Pregnancy and COVID-19
Updated: Aug 5
This was 100% NOT part of anyone's birth plan.
Remember when we all thought 2019 was the worse year ever? Now we got 2020 over here like, “Girl, hold my beer. My Corona to be exact." While I can’t take credit for that witty line I do feel it wholeheartedly.
On Sunday night I looked my husband in the eye and said, “Babe. I am honestly not sure I am mentally tough enough for this.” For me to make that kind of proclamation is a big deal. I pride myself on being strong, but also on being self-aware enough to know my mental limits. But this right here....this being pregnant in the middle of a pandemic. This is something I never could have prepared for and that is what’s breaking me.
I want to give a shout out to all the pregnant mamas out there, especially the ones who already have littles at home. Right now we’re are 1) Working from home, 2) Keeping our littles at home while maintaining some sort of education, 3) growing a human, and 4) not leaving our houses. As my mother-in-law put it, COVID-19 is piling more onto an already piled on pile! Now I don’t want to make it sound like I think I have it worse than those losing jobs or healthcare workers on the frontline. I think right now there is enough stuff rolling downhill that we can all share equally in its awfulness. There’s no need to one-up anyone here. But what I do want to do is give fellow pregnant mamas permission to admit that this right now, is really freaking hard!

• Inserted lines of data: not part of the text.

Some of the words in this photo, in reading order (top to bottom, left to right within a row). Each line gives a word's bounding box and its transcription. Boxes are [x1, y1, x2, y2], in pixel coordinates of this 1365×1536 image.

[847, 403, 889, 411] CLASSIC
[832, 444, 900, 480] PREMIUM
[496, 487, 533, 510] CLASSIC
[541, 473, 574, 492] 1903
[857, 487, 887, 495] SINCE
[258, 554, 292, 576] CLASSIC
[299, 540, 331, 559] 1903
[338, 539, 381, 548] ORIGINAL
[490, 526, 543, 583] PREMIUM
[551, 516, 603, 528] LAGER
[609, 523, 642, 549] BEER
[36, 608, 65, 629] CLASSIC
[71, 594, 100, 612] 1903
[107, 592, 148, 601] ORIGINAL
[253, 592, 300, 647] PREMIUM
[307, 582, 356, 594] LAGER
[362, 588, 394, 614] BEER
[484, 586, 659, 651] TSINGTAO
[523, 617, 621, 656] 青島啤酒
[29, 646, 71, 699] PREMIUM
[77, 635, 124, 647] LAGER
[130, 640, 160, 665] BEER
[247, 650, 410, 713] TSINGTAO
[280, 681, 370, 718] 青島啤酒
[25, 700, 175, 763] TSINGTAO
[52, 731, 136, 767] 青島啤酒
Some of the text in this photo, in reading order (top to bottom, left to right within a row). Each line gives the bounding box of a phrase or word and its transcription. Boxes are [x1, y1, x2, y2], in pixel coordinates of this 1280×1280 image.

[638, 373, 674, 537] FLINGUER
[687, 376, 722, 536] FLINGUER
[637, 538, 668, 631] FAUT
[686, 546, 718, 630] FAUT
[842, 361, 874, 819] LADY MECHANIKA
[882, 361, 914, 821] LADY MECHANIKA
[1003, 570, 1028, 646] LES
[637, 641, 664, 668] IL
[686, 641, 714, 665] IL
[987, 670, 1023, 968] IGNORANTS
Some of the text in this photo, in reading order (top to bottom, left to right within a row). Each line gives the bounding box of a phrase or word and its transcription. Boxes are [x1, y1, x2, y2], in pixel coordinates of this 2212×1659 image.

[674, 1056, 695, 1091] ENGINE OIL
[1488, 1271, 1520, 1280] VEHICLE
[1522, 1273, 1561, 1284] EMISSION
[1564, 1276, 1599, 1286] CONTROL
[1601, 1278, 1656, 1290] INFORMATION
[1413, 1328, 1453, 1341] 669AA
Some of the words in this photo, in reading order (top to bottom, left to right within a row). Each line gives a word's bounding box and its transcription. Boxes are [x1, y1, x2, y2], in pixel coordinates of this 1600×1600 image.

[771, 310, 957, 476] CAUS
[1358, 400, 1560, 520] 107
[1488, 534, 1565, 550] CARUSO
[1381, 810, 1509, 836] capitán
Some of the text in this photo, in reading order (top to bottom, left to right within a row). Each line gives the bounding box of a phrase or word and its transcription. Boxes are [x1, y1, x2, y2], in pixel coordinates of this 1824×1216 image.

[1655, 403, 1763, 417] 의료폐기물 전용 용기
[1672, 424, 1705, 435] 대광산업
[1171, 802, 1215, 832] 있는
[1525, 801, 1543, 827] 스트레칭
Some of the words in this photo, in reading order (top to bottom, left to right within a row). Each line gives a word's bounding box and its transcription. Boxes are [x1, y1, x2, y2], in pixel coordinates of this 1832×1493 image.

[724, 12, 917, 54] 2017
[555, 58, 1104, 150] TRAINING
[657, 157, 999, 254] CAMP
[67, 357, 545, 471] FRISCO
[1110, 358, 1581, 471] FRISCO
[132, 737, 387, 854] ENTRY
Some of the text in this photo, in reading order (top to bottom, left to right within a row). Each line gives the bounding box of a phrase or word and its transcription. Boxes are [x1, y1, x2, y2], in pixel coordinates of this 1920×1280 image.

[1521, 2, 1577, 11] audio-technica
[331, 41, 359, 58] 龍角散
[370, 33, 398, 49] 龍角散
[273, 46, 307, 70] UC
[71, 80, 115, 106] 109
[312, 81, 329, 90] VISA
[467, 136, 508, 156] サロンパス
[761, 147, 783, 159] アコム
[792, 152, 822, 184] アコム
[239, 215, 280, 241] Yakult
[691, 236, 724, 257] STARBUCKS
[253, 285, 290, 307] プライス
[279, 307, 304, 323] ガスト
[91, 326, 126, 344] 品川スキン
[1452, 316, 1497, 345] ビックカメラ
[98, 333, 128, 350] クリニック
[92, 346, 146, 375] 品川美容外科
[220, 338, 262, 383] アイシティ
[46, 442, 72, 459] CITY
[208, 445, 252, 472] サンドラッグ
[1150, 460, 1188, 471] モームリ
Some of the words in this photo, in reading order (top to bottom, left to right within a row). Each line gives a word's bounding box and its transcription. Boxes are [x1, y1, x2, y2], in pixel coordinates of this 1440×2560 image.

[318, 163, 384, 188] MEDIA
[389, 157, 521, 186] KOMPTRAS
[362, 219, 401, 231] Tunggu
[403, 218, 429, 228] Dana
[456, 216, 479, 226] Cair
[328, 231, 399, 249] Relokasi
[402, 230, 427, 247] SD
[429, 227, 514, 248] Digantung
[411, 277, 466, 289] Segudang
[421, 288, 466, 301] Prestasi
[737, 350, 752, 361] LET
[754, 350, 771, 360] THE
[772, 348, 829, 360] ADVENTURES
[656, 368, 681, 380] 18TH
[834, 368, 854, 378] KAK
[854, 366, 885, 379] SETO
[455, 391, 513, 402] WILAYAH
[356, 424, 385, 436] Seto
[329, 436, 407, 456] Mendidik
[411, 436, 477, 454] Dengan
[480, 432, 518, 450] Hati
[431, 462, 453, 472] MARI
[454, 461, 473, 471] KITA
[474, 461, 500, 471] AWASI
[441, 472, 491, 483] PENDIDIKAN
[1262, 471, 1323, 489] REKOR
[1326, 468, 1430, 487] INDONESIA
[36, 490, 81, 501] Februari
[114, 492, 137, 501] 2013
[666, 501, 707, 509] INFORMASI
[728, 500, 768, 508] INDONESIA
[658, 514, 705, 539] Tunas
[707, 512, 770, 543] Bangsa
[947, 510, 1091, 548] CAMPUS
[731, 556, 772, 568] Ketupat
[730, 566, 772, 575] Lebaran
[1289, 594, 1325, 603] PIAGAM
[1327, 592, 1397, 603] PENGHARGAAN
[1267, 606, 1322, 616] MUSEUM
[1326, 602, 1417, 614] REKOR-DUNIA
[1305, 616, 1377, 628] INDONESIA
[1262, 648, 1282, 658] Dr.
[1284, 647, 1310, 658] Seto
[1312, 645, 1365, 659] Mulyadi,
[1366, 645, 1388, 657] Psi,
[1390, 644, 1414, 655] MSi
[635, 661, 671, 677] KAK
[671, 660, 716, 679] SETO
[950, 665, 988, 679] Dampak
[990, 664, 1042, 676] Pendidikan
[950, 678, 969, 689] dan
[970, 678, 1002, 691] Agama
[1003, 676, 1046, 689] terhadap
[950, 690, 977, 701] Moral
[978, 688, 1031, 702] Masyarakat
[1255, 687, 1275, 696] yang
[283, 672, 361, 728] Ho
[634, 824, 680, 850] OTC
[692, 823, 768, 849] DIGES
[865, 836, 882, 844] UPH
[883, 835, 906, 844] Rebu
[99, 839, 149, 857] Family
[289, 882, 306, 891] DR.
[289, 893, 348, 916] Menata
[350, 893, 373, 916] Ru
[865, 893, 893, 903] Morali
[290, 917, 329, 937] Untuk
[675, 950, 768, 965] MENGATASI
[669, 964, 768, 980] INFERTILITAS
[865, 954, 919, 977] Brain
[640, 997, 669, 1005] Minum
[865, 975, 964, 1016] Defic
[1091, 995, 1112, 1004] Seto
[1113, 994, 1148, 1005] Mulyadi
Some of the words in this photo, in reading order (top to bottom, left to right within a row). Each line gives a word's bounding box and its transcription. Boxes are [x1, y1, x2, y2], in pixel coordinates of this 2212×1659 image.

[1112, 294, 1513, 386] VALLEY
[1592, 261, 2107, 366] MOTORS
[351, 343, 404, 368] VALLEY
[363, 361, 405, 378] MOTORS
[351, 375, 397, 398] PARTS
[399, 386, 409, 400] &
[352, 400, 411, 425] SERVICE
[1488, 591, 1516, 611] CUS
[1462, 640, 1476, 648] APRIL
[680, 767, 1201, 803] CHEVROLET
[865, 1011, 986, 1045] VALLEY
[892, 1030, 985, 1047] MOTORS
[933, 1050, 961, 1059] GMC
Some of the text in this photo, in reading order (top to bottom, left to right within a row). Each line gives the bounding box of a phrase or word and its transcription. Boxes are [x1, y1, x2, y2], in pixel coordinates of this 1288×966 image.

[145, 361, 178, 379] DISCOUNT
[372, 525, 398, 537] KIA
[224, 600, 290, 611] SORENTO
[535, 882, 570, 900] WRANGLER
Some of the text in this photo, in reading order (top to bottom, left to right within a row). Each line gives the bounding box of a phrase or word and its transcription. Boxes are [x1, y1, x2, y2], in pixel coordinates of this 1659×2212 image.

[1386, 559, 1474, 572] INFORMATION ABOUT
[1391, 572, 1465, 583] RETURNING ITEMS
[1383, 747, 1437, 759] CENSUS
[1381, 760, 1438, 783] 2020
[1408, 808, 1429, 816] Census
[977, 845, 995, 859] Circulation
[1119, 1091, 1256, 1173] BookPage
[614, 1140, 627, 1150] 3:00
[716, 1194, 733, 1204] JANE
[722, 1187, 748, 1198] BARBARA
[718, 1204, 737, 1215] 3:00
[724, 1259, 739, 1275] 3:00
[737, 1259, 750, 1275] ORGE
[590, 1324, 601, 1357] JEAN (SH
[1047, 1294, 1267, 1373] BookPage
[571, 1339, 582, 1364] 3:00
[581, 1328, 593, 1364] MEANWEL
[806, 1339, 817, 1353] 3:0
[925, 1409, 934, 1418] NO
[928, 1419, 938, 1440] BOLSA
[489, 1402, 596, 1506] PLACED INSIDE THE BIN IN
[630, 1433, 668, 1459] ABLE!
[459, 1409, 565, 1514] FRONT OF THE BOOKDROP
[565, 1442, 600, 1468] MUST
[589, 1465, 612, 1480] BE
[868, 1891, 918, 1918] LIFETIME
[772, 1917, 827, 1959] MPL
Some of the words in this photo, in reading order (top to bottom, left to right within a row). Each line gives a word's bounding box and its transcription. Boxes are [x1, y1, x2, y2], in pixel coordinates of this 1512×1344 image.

I had my usual weekly therapy session via FaceTime last week and I explained to my therapist that I feel like between Corona and being pregnant I've been stripped of everything that makes me, me. All the things I would normally do to help manage my anxiety have all been knocked out by either Corona or being pregnant. No wine, no long runs or tough workouts, no catching up with a friend in person, no going to Target to spend money on things I didn’t know I needed. I can’t draft a plan or set a goal to get out of this. I am just floating day-by-day.
In fact, I’m so tired from growing a human, working and keeping another tiny human alive that by the end of the day I am simply spent. So I go to bed early, wake up and repeat the cycle. There is minimal time for self-care unless you count locking the bathroom door to pee in peace. There is minimal time to do something for just me. Not just pregnant me, but for me as a person. So no, Karen, I'm not deep cleaning my house or sorting my spices. I don't even have a nursery completed yet.
Pregnant women, we’re doing three full-time jobs all at the same time with no known endpoint in sight. We’re at the mercy of our bodies and society, while also hoping desperately that we’re making the right choices for not only the human we’re growing but our families as well. It is a lot for even the most mentally healthy person and let’s be honest, I ain’t her!
I see you, pregnant mamas! I see the monumental effort it is taking to keep your cool for your family. I feel the fear of the unknown in your heart. I see the rage on your face when your partner has a glass of wine (hahaha). I see you. I see you. I see you! This is hard, but you are harder.
HOWEVER - I want to remind you to allow yourself the space to come apart and feel your feelings. That doesn’t make you less strong. It makes you human.